GIVEN INFORMATION:

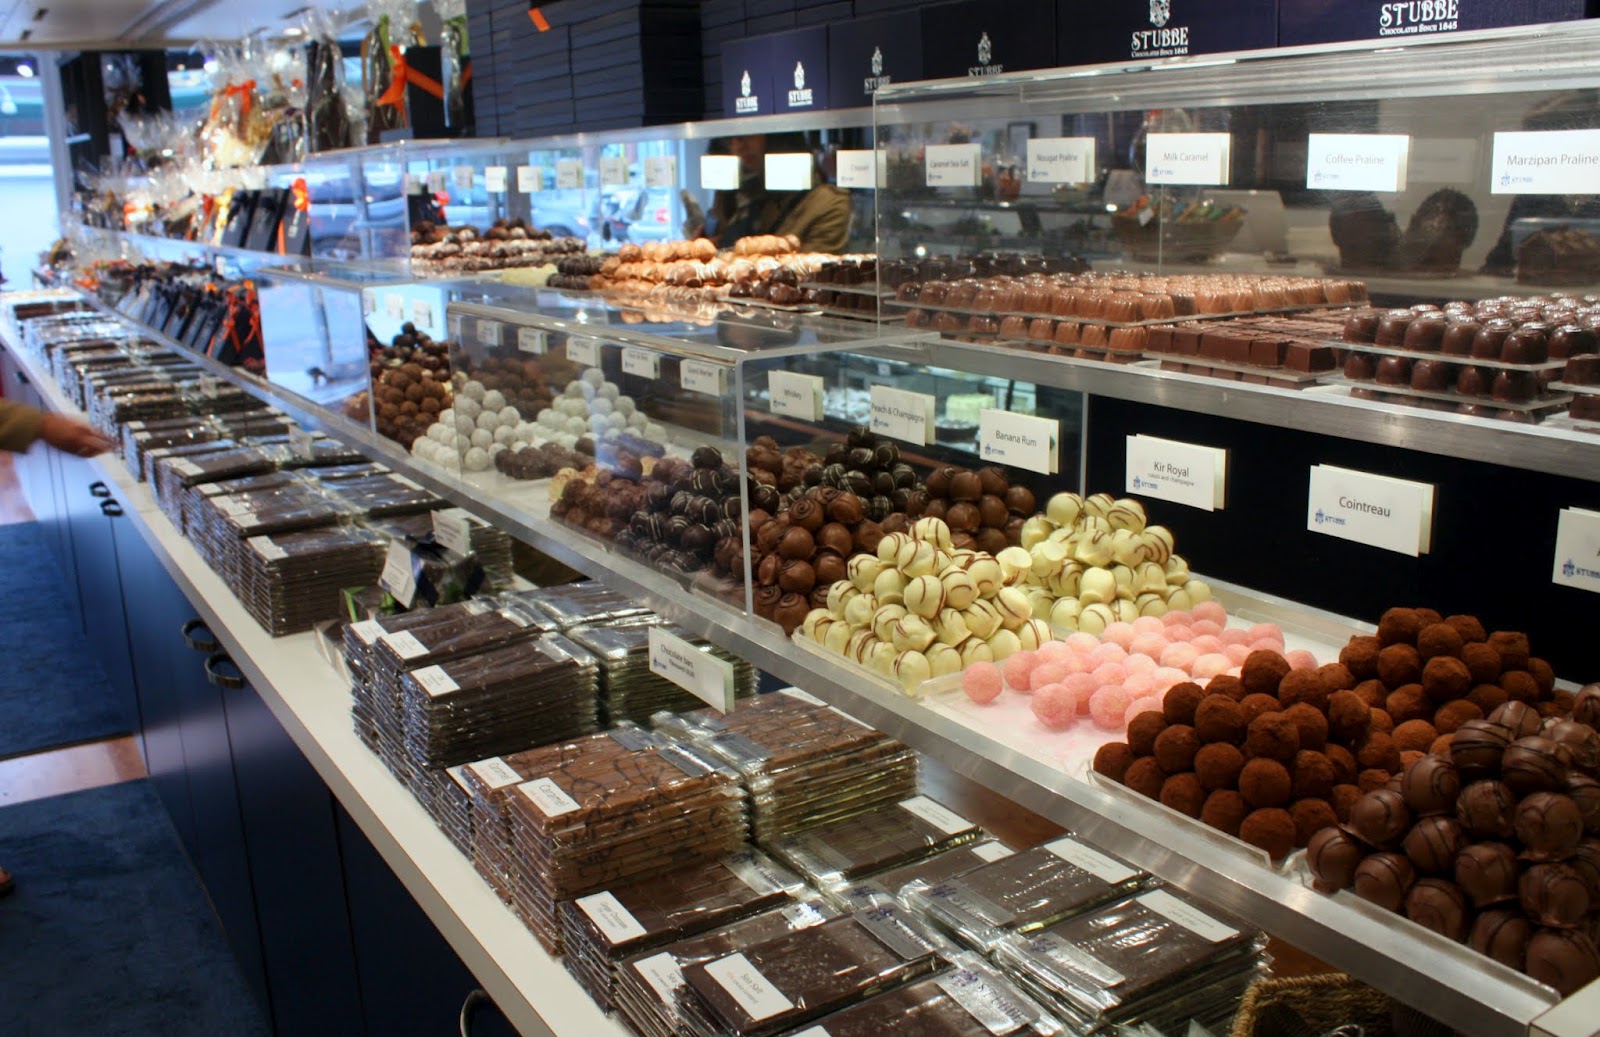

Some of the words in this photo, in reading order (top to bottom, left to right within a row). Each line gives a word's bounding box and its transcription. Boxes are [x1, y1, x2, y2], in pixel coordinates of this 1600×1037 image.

[1380, 0, 1459, 27] STUBBE
[1439, 21, 1458, 31] 1845
[1131, 27, 1189, 51] STUBBE
[1036, 153, 1058, 163] Nougat
[1163, 151, 1178, 162] Milk
[1179, 152, 1209, 162] Caramel
[1325, 154, 1354, 165] Coffee
[1355, 154, 1385, 165] Praline
[1506, 154, 1558, 167] Marzipan
[1560, 153, 1599, 165] Praline
[871, 402, 888, 415] Peach
[893, 407, 925, 424] Champagne
[995, 430, 1020, 444] Banana
[1021, 435, 1037, 447] Rum
[1153, 461, 1166, 472] Kir
[1166, 463, 1190, 478] Royal
[1338, 496, 1391, 518] Cointreau
[488, 761, 514, 781] Caramel
[538, 783, 569, 807] Caramel

PROBLEM TO WORK ON:
A verbatim retyping of the listing, without any pictures, is the expected answer.

EXERCISE ANSWER:
Some of the words in this photo, in reading order (top to bottom, left to right within a row). Each line gives a word's bounding box and its transcription. Boxes are [x1, y1, x2, y2], in pixel coordinates of this 1600×1037 image.

[1380, 0, 1459, 27] STUBBE
[1439, 21, 1458, 31] 1845
[1131, 27, 1189, 51] STUBBE
[1036, 153, 1058, 163] Nougat
[1163, 151, 1178, 162] Milk
[1179, 152, 1209, 162] Caramel
[1325, 154, 1354, 165] Coffee
[1355, 154, 1385, 165] Praline
[1506, 154, 1558, 167] Marzipan
[1560, 153, 1599, 165] Praline
[871, 402, 888, 415] Peach
[893, 407, 925, 424] Champagne
[995, 430, 1020, 444] Banana
[1021, 435, 1037, 447] Rum
[1153, 461, 1166, 472] Kir
[1166, 463, 1190, 478] Royal
[1338, 496, 1391, 518] Cointreau
[488, 761, 514, 781] Caramel
[538, 783, 569, 807] Caramel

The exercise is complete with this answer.